Microtiter Plate Cultivation Systems Enable Chemically Diverse Metabolic Footprints During Bacterial Natural Product Discovery

Rediscovery of known structures is a frequent problem in screening for bioactive bacterial natural products (NPs). Highly parallelized microtiter plate cultivation systems (MPCS) can improve the chance to discover novel NPs by testing a multitude of cultivation conditions simultaneously. An in‐depth analysis and comparison of cultivation systems for NP discovery, however, has not been carried out so far. We compared the growth and metabolic footprint of four distinct bacterial species in three MPCS, shake flasks, and stirred tank bioreactors (STR).
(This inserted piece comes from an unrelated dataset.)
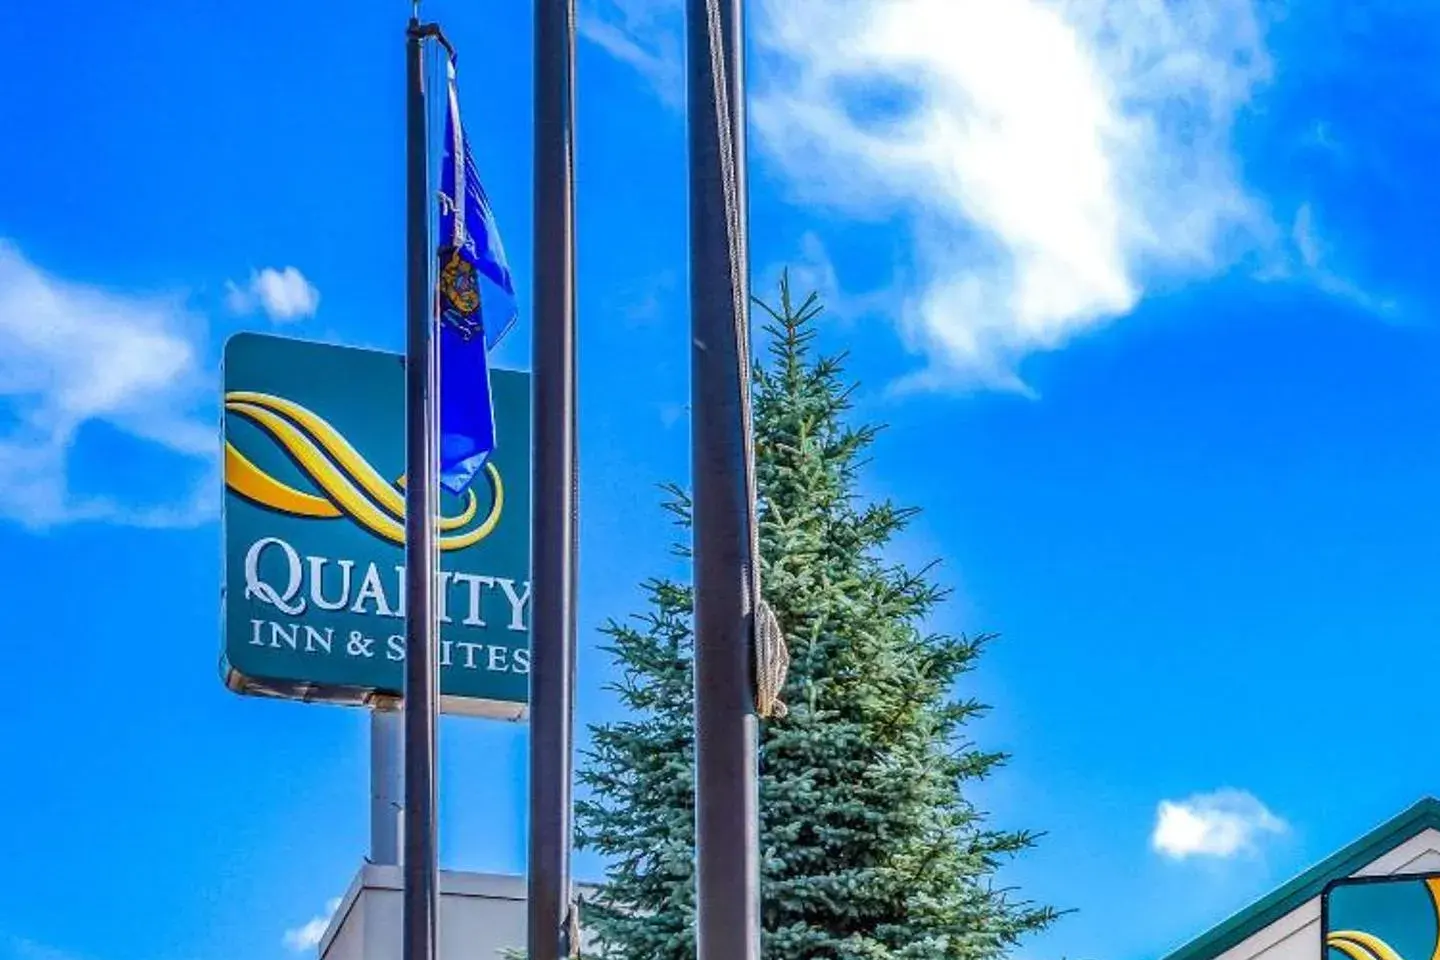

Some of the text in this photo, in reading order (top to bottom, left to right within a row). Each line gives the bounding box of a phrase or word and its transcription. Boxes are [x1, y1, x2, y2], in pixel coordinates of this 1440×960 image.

While the big majority of the cultivation systems provided good growth, we found a considerable divergence in secondary metabolite (SM) formation. The SM space was approximated by the appearance of unique mass features (MFs) in the supernatant extracts throughout the cultivation period. Molecular network analysis was applied to visualize the changes from detected MFs at the molecular level. The cultivation systems had a minor impact on the unicellular growing Bacillus amyloliquefaciens. This impact was more pronounced for the tested filamentous bacteria, resulting in a diversified metabolic footprint. The maximal overlap of 31% of produced MFs indicates a lack of comparability between the cultivation systems, resulting in different entries of growth phases and the formation of associated SMs. The detected SMs and its derivatives exhibited structural modification depending on the cultivation system. A comparison of Streptomyces griseochromogenes NP profile revealed that MPCS yielded less divergent SM formation than shake flasks. Our comprehensive assessment is the first to demonstrate the impact of cultivation systems on the bacterial metabolic footprint, confirming that MPCS provide a robust platform for the parallelization of bacterial cultivations for the discovery of bacterial NPs and accessing the chemical NP space more broadly.